Using data from over 150 languages, linguists from University of California, Berkeley have found that "Indo-European languages" originated 5,500-6,500 years ago on the Pontic-Caspian steppe stretching from Moldova, Ukraine to Russia and western Kazakhstan.
Linguists have long agreed that languages from English, Greek to Hindi, are known as 'Indo-European languages'. They are the modern descendants of a language family which first emerged from a common ancestor spoken thousands of years ago.
The new article provides support for the "steppe hypothesis" or "Kurgan hypothesis" which proposes that Indo-European languages first spread with cultural developments in animal husbandry around 4500-3500 BCE.
An alternate theory proposes that they diffused much earlier, around 7500-6000 BCE in Anatolia in modern-day Turkey.
For the study, lead study author Will Chang and his team examined over 200 sets of words from living and dead Indo-European languages.
After determining how quickly these words changed over time through statistical modeling, they concluded that the rate of change indicated that the languages which first used these words began to diverge approximately 6,500 years ago.

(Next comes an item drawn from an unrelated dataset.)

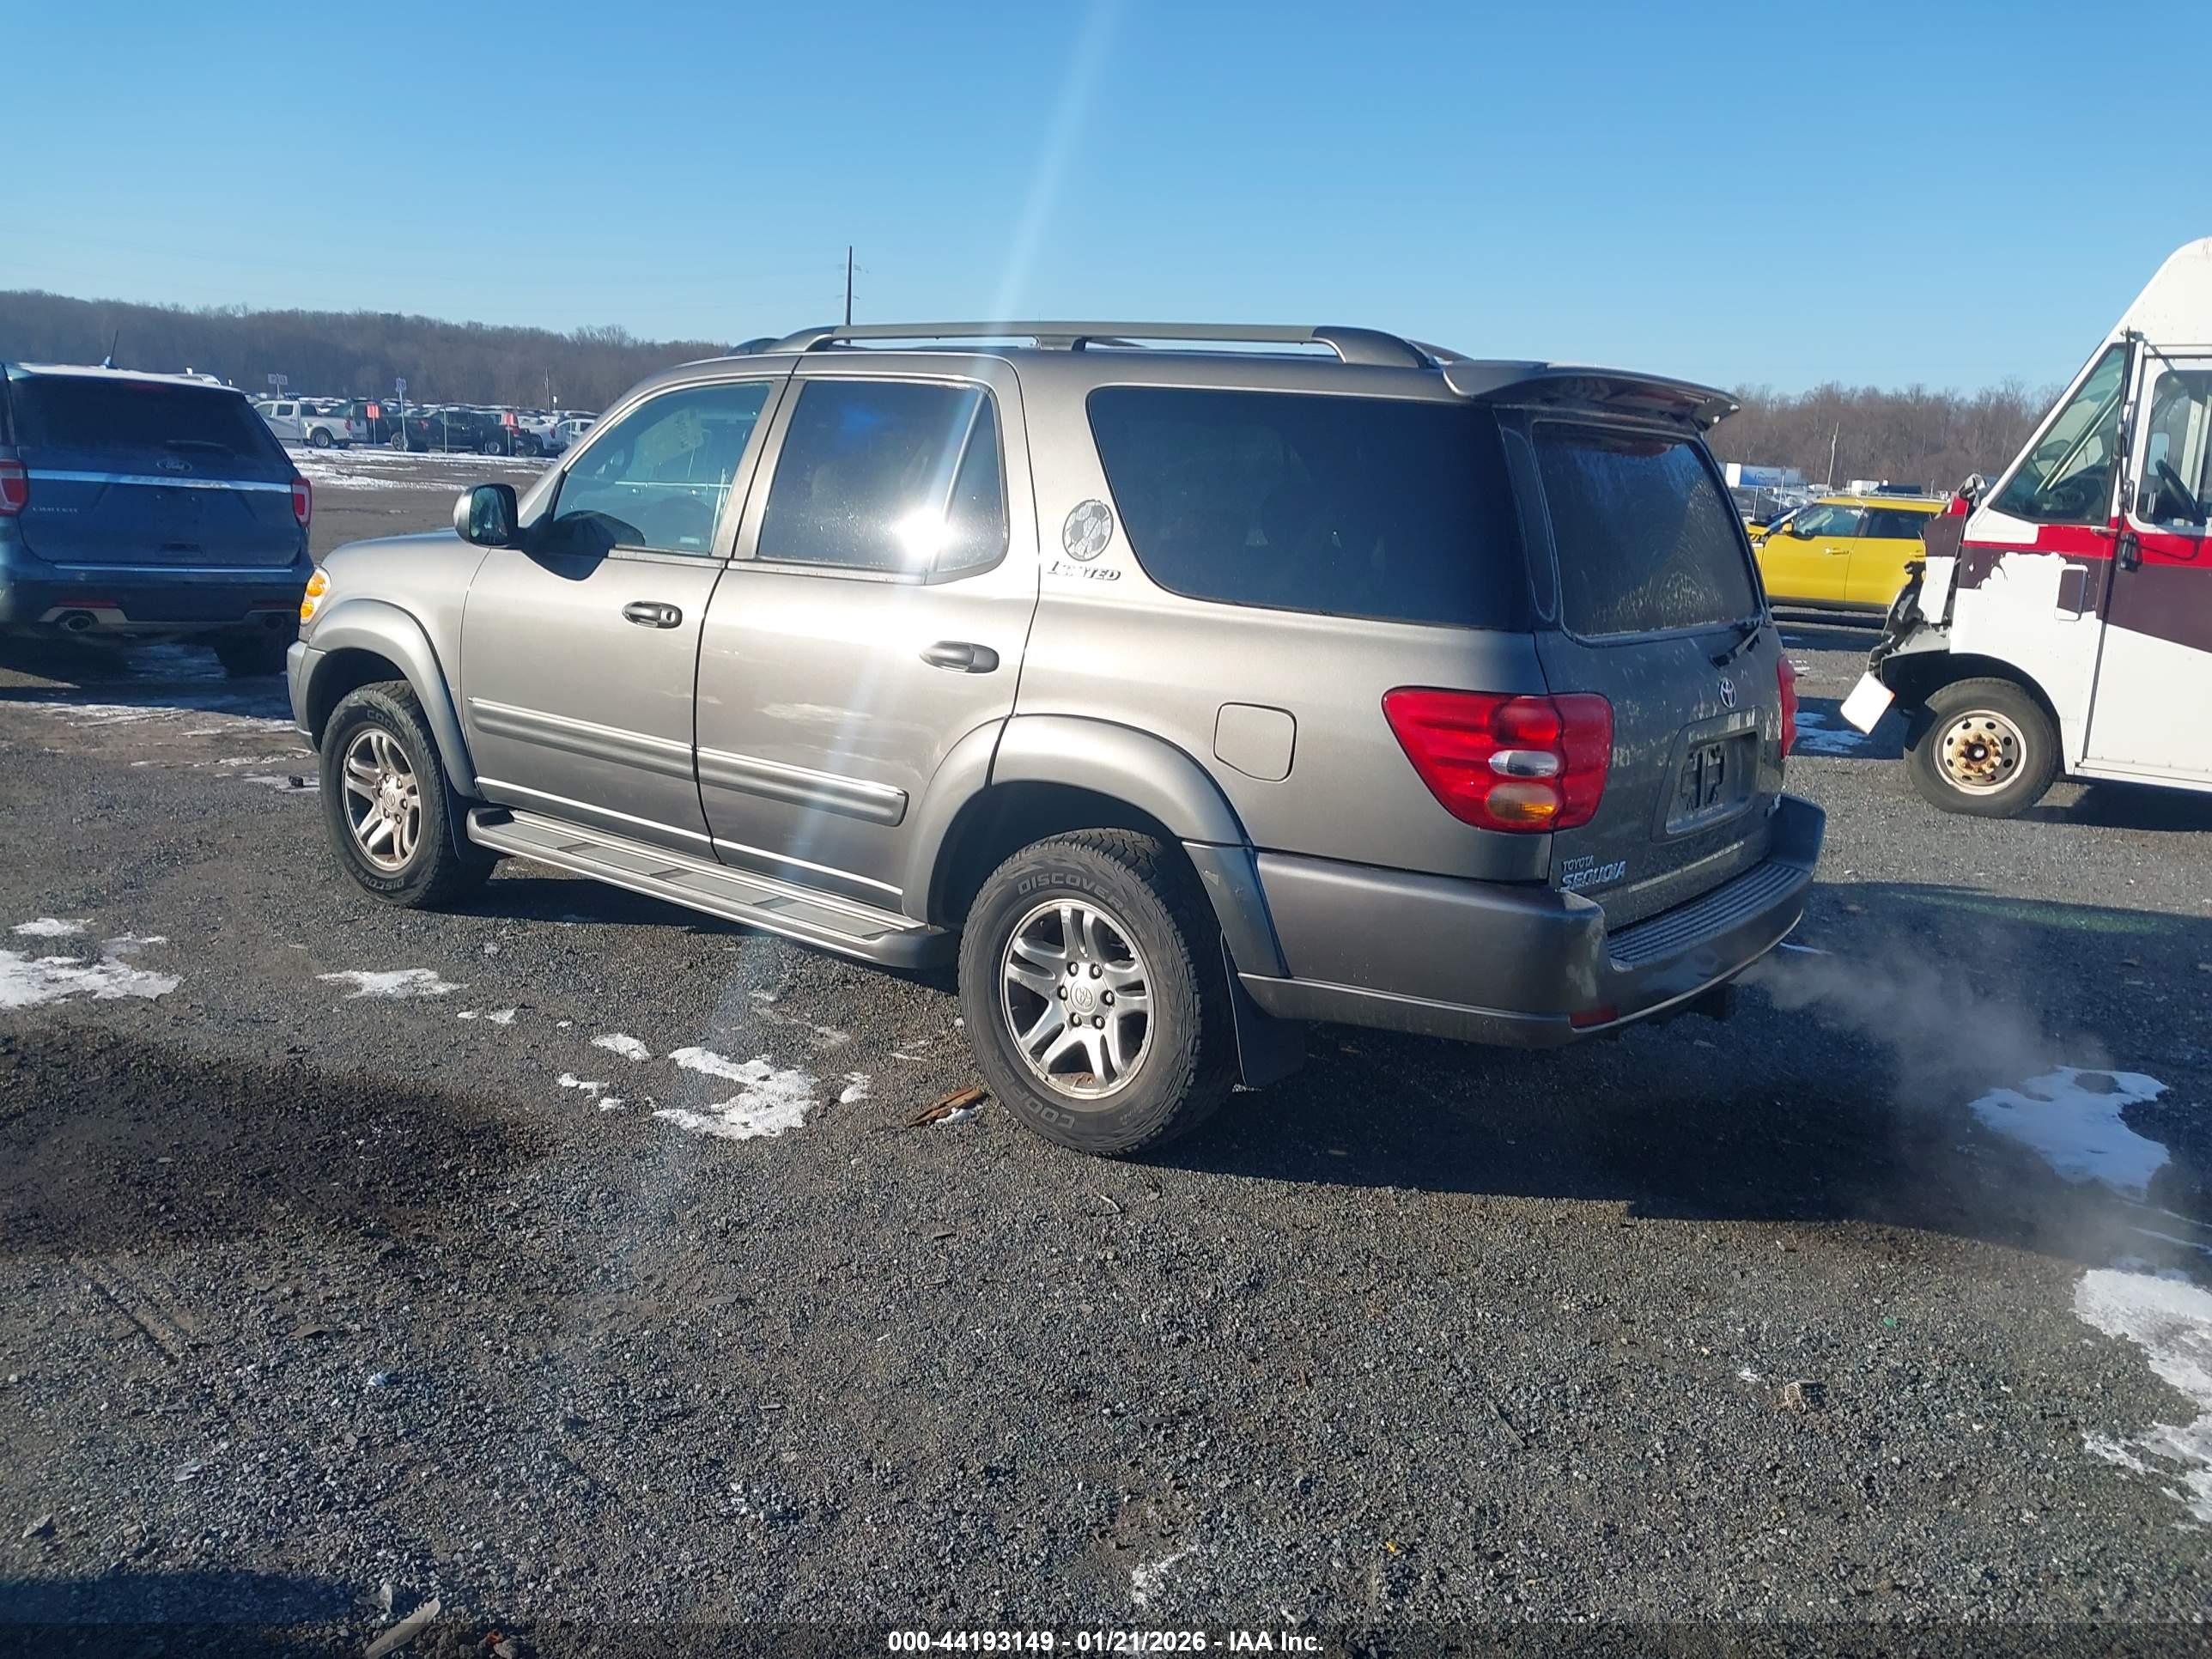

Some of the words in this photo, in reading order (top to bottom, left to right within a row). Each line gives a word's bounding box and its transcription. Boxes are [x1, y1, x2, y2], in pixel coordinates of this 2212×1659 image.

[1047, 561, 1121, 580] LTED
[1563, 854, 1594, 872] TOYOTA
[1560, 860, 1626, 892] SEQUOIA

This is one of the first quantitatively-based academic papers in support of the "steppe hypothesis" and the first to use a model with "ancestry constraints" which more directly incorporate previously discovered relationships between languages.
In future research, methods from this study could be used to study the origins of other language families, such as Afro-Asiatic and Sino-Tibetan.
The study is forthcoming in the academic journal language.